Posted by Aaron on January 9, 2010

Ok…I am going to do it!
I am going to start a blog….

I have some New Years resolutions…it is that time of year…and I figured I would go ahead and start a blog in order to document my successes and failures…hopefully to be an inspiration to some, and maybe get encouragement from others…

A little about me….I am 36, nearly 37, and I want to live a better life. A better life not only for me, but for my family…my kids and my wife. I have lived all over these United States of America (lets see…California, Massachusetts, Virginia, Tennessee, back to Virginia, onto Utah, California again, and now Arizona) and where we are right now, both my wife and I agree, we are in the BEST location we have ever lived. We are in a not-so-small town in the Valley of the Sun, Arizona. A very family oriented town with what we consider a very good educational system for the kids, and we LOVE it!

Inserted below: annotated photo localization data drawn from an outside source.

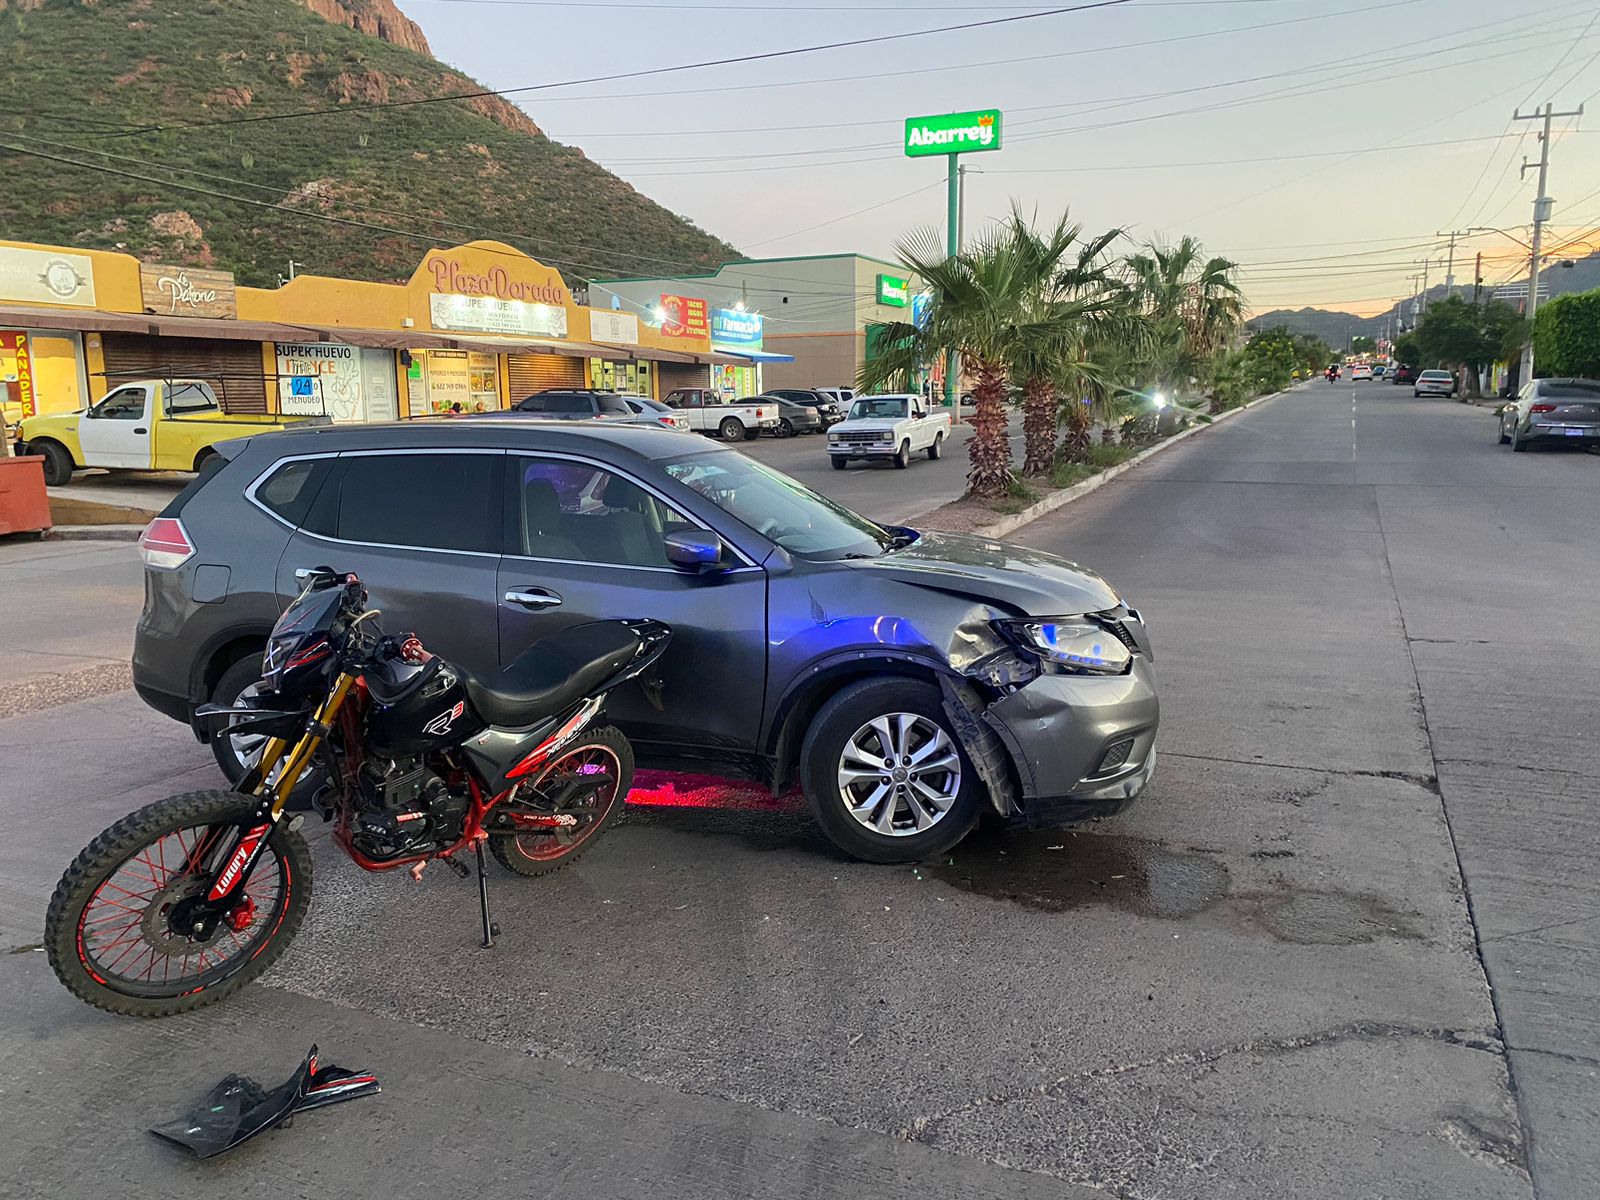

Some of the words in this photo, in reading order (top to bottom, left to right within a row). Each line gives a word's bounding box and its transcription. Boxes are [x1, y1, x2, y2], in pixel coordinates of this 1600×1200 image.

[907, 125, 994, 147] Abarrey
[157, 277, 216, 312] Patrona
[428, 257, 493, 295] Plaza
[488, 265, 563, 305] Dorada
[276, 344, 313, 357] SUPER
[316, 347, 351, 359] HUEVO
[15, 335, 33, 417] PANADER
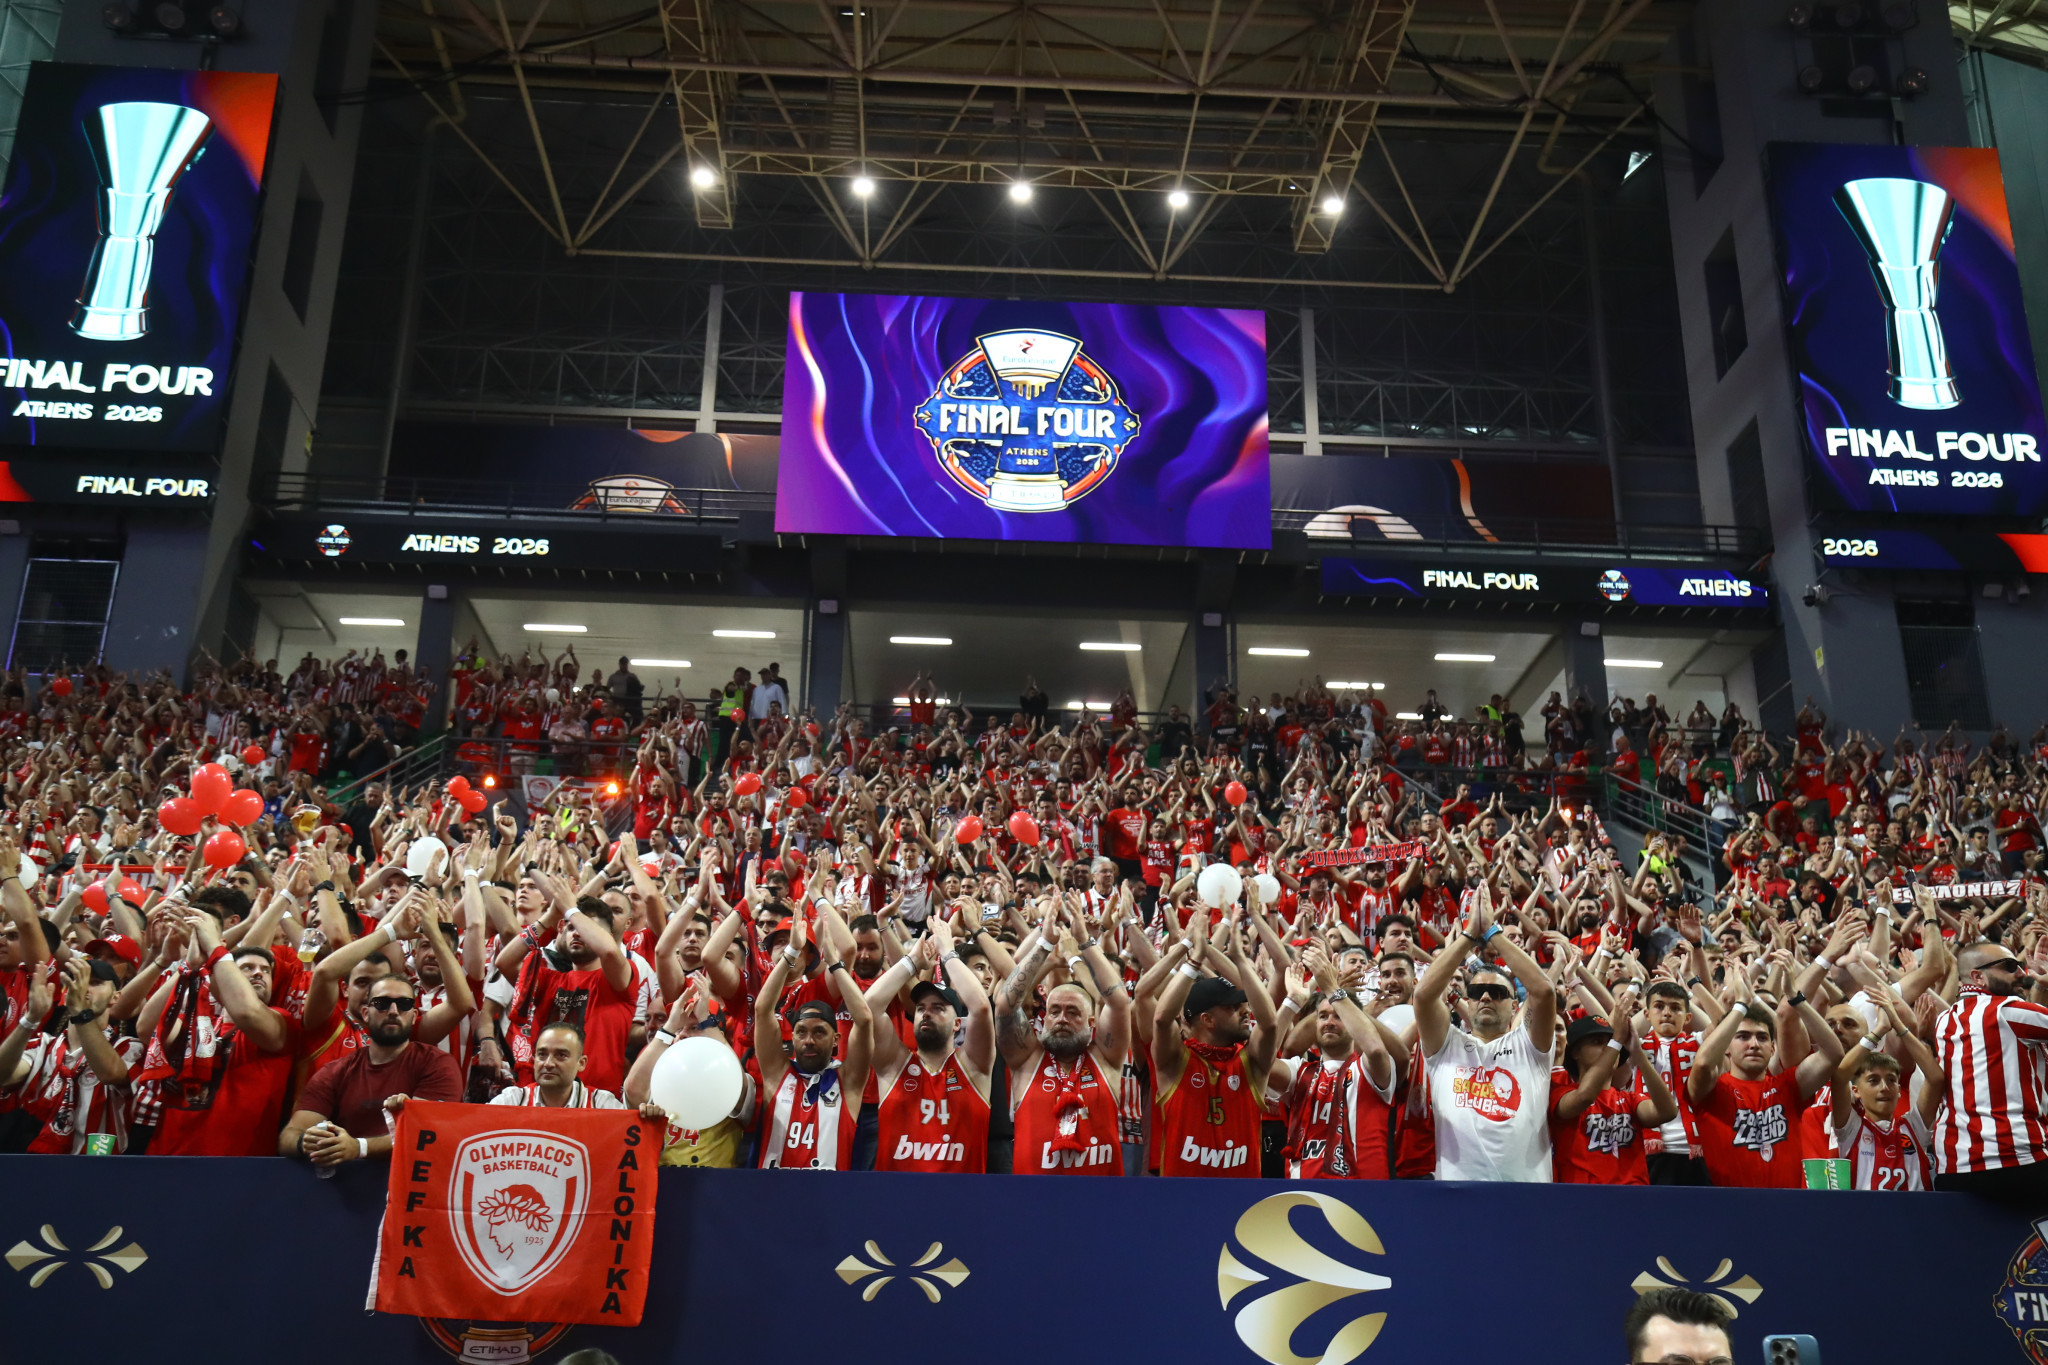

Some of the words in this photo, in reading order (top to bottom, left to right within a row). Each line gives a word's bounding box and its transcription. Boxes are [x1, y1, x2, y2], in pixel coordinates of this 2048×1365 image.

[102, 363, 214, 397] FOUR
[12, 400, 94, 420] ATHENS
[104, 404, 163, 423] 2026
[939, 403, 1029, 435] FINAL
[1037, 406, 1116, 438] FOUR
[1006, 447, 1049, 456] ATHENS
[1825, 427, 1934, 461] FINAL
[1936, 431, 2041, 462] FOUR
[76, 475, 142, 497] FINAL
[145, 478, 209, 497] FOUR
[1869, 468, 1940, 487] ATHENS
[1951, 471, 2004, 489] 2026
[401, 534, 481, 553] ATHENS
[492, 537, 550, 556] 2026
[1823, 538, 1879, 557] 2026
[1423, 570, 1482, 590] FINAL
[1483, 572, 1540, 591] FOUR
[1679, 578, 1753, 597] ATHENS
[1147, 850, 1165, 859] ARE
[1147, 858, 1172, 867] BACK
[920, 1098, 951, 1126] 94
[1312, 1099, 1332, 1125] 14
[1455, 1093, 1494, 1113] CLUB
[667, 1125, 700, 1147] 94
[787, 1121, 815, 1150] 94
[469, 1142, 576, 1167] OLYMPIACOS
[893, 1134, 965, 1162] bwin
[1041, 1136, 1114, 1169] bwin
[1180, 1135, 1248, 1169] bwin
[482, 1160, 559, 1179] BASKETBALL
[1877, 1166, 1907, 1191] 22
[398, 1129, 437, 1279] PEFKA
[600, 1125, 642, 1315] SALONIKA
[524, 1236, 544, 1246] 1925
[469, 1345, 522, 1354] ETIHAD

Well…what is a “better life”?? To me it is one that is closer to God, closer to my family, and FUN! Fun being not just content, but a real JOY to live. I want to be excited about getting up tomorrow, and want to feel like I don’t want to go to bed because I don’t want today to end! I know this is not possible ALL the time, I mean we all have our ups and downs, right? What I want is more ups than I have been having, and fewer downs. I have a plan to help get this going in the right direction…I have been working on it for a while, and have intensified it in the last month, put goals and standards up and am beginning to switch it into high gear. As part of the “high gear” I figured I would add this blog to my life…kind of like an open book diary to help keep me on track, and like I said in the opening, maybe inspire some, and hopefully be encouraged by others. I also want to voice some, if not all of my opinions in life…get them out there…let people know what and how I think.